Он закончил с посредственно знакомой историей и перешел к литературе, стараясь не залезать уж явно в конец 19-го века и не опускаться в начало.

«Это список произведений 19-го века, которые должны быть опубликованы, — писал он. — Возможно, что-то уже опубликовано, я не помню дат».

Список получился такой:

«Россия:

Ф. М. Достоевский „Письма из мертвого дома“; Ф. М. Достоевский „Преступление и наказание“; Ф. М. Достоевский „Идиот“; Ф. М. Достоевский „Игрок“; Ф. М. Достоевский „Бесы“; Ф. М. Достоевский „Братья Карамазовы“; А. К. Толстой „Василий Шибанов“; А. К. Толстой „Князь Серебряный“; А. К. Толстой „История государства Российского“ (в стихах); Л. Н. Толстой „Война и мир“; Л. Н. Толстой „Анна Каренина“; Лесков „Левша“; Лесков „Очарованный странник“; Чернышевский „Что делать?“; Гончаров „Обломов“; Некрасов „Кому на Руси жить хорошо?“ (поэма); Некрасов „Русские женщины“ (поэма); Тургенев „Отцы и дети“; Салтыков-Щедрин „История одного города“.


Франция:

Виктор Гюго „Отверженные“; Виктор Гюго „Человек, который смеется“; Жюль Верн „Двадцать тысяч лье под водой“; Жюль Верн „Дети капитана Гранта“.


Соединенные штаты:

Марк Твен „Принц и нищий“; Марк Твен „Янки из Коннектикута при дворе короля Артура“; Марк Твен „Приключения Тома Сойера“; Марк Твен „Приключения Гекельберри Финна“; Гарриет Бичер Стоу „Хижина дяди Тома“».

Саша удивился, что ничего не смог вспомнить из английской литературы середины 19-го века, кроме Майн Рида. Вальтер Скотт и наиболее известный Диккенс — первая половина, а Стивенсон с Конан Дойлем — совсем конец.

Задумался и написал:

«Англия:

Майн Рид „Всадник без головы“; Чарльз Дарвин „Происхождение видов“ (теория эволюции)».

С Германией было еще хуже.

И Саша написал:

«Германия:

Карл Маркс „Капитал“».

Подписался:

«Ваш верный сын Саша».

Перечитал список. Ну, вкусовщина, конечно. И ведь такой упертый либерал-западник, а любит он, однако ж, морс, квас, борщ и Федора Михайловича.

И положил сушиться исписанные листы.

— Песочком можно посыпать, — подсказал Гогель.

К чернильнице действительно прилагалась баночка с дырочками, до боли напоминающая то ли солонку, то ли перечницу. А он-то думал, зачем она!

Обильно посолил песком письмо. Наверняка пересолил с непривычки! И вернул на подоконник.

— Григорий Федорович! Это папá в собственные руки. Никто не должен прочитать!

— Запечатать надо.

— У нас есть конверты?

— Куверты? — переспросил Гогель.

— Наверное…

Гувернер кивнул и достал из секретера у стены вполне нормальный конверт с двуглавым орлом в кружочке. И у него даже была полоска с клеем.

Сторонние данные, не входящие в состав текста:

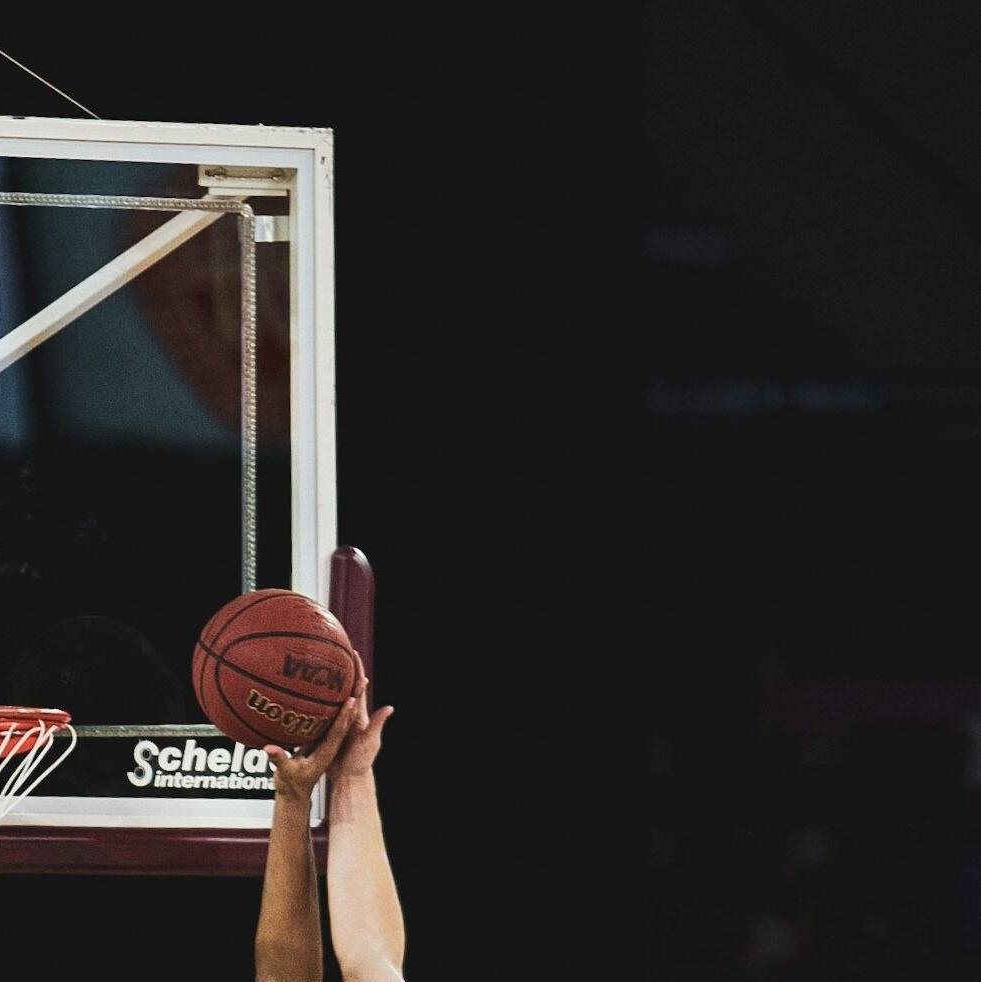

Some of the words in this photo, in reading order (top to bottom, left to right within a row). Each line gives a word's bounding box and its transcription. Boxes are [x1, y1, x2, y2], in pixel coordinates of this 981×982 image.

Так что письмо было запечатано и отправлено с лакеем к папá.

Саша вынул брегет. Без пятнадцати десять.

— О! Супер! — прокомментировал он. — Пятнадцать минут в загашнике.

И запрограммировал звон на очередные два часа. Так и хотелось это назвать «таймером»!

Гогель смотрел с уважением.

А Саша взялся за французский. Точнее за оригинал письма Александра Павловича.

Это было тяжело! Зато гувернер успел прочитать «Ведомости» и его можно было без зазрения совести дергать на консультации по произношению.

Около двенадцати лакей принес письмо от Никсы.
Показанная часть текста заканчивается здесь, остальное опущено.